TASK TO COMPLETE — Provide a verbatim copy of the data below.

..........

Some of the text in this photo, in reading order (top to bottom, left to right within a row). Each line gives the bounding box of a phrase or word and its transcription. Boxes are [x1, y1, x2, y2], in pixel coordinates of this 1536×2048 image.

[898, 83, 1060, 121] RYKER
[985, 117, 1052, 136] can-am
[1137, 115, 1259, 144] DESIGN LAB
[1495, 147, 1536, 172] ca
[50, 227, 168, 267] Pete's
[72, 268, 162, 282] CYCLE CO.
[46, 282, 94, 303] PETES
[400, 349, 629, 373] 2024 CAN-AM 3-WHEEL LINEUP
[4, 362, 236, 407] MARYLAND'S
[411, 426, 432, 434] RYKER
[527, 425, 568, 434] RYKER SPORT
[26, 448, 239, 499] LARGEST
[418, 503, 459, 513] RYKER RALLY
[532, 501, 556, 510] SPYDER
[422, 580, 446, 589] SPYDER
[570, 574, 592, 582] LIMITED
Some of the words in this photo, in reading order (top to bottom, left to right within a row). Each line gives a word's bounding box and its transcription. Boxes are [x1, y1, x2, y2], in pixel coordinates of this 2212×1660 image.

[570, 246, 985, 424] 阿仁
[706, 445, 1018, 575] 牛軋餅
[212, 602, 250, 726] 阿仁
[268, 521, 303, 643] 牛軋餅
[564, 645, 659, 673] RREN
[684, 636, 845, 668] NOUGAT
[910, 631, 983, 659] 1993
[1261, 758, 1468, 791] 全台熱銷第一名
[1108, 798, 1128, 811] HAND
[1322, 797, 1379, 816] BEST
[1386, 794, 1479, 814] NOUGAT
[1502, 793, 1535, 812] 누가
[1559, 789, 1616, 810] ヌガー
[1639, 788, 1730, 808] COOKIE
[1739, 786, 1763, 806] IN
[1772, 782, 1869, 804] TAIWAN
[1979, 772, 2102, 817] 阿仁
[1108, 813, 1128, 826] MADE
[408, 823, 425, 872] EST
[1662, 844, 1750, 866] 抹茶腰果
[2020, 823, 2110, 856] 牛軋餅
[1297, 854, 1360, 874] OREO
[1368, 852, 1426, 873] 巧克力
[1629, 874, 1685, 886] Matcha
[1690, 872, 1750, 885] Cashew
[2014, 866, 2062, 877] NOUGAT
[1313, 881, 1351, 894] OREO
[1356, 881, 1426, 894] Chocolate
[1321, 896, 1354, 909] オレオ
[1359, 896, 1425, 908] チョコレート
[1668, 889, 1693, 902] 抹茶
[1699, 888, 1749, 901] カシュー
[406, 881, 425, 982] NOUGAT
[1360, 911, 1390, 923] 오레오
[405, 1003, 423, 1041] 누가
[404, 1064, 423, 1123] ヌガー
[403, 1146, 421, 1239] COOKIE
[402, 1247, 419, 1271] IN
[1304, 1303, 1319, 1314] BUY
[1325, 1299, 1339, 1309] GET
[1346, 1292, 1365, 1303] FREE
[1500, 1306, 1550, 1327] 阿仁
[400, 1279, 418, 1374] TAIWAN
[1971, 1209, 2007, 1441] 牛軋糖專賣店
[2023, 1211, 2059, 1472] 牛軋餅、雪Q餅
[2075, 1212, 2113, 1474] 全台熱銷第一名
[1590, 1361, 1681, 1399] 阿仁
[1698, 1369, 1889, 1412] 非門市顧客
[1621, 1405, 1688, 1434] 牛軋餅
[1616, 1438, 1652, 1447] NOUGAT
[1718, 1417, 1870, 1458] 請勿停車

..........

THE COMPLETED TASK —
Some of the text in this photo, in reading order (top to bottom, left to right within a row). Each line gives the bounding box of a phrase or word and its transcription. Boxes are [x1, y1, x2, y2], in pixel coordinates of this 1536×2048 image.

[898, 83, 1060, 121] RYKER
[985, 117, 1052, 136] can-am
[1137, 115, 1259, 144] DESIGN LAB
[1495, 147, 1536, 172] ca
[50, 227, 168, 267] Pete's
[72, 268, 162, 282] CYCLE CO.
[46, 282, 94, 303] PETES
[400, 349, 629, 373] 2024 CAN-AM 3-WHEEL LINEUP
[4, 362, 236, 407] MARYLAND'S
[411, 426, 432, 434] RYKER
[527, 425, 568, 434] RYKER SPORT
[26, 448, 239, 499] LARGEST
[418, 503, 459, 513] RYKER RALLY
[532, 501, 556, 510] SPYDER
[422, 580, 446, 589] SPYDER
[570, 574, 592, 582] LIMITED
Some of the words in this photo, in reading order (top to bottom, left to right within a row). Each line gives a word's bounding box and its transcription. Boxes are [x1, y1, x2, y2], in pixel coordinates of this 2212×1660 image.

[570, 246, 985, 424] 阿仁
[706, 445, 1018, 575] 牛軋餅
[212, 602, 250, 726] 阿仁
[268, 521, 303, 643] 牛軋餅
[564, 645, 659, 673] RREN
[684, 636, 845, 668] NOUGAT
[910, 631, 983, 659] 1993
[1261, 758, 1468, 791] 全台熱銷第一名
[1108, 798, 1128, 811] HAND
[1322, 797, 1379, 816] BEST
[1386, 794, 1479, 814] NOUGAT
[1502, 793, 1535, 812] 누가
[1559, 789, 1616, 810] ヌガー
[1639, 788, 1730, 808] COOKIE
[1739, 786, 1763, 806] IN
[1772, 782, 1869, 804] TAIWAN
[1979, 772, 2102, 817] 阿仁
[1108, 813, 1128, 826] MADE
[408, 823, 425, 872] EST
[1662, 844, 1750, 866] 抹茶腰果
[2020, 823, 2110, 856] 牛軋餅
[1297, 854, 1360, 874] OREO
[1368, 852, 1426, 873] 巧克力
[1629, 874, 1685, 886] Matcha
[1690, 872, 1750, 885] Cashew
[2014, 866, 2062, 877] NOUGAT
[1313, 881, 1351, 894] OREO
[1356, 881, 1426, 894] Chocolate
[1321, 896, 1354, 909] オレオ
[1359, 896, 1425, 908] チョコレート
[1668, 889, 1693, 902] 抹茶
[1699, 888, 1749, 901] カシュー
[406, 881, 425, 982] NOUGAT
[1360, 911, 1390, 923] 오레오
[405, 1003, 423, 1041] 누가
[404, 1064, 423, 1123] ヌガー
[403, 1146, 421, 1239] COOKIE
[402, 1247, 419, 1271] IN
[1304, 1303, 1319, 1314] BUY
[1325, 1299, 1339, 1309] GET
[1346, 1292, 1365, 1303] FREE
[1500, 1306, 1550, 1327] 阿仁
[400, 1279, 418, 1374] TAIWAN
[1971, 1209, 2007, 1441] 牛軋糖專賣店
[2023, 1211, 2059, 1472] 牛軋餅、雪Q餅
[2075, 1212, 2113, 1474] 全台熱銷第一名
[1590, 1361, 1681, 1399] 阿仁
[1698, 1369, 1889, 1412] 非門市顧客
[1621, 1405, 1688, 1434] 牛軋餅
[1616, 1438, 1652, 1447] NOUGAT
[1718, 1417, 1870, 1458] 請勿停車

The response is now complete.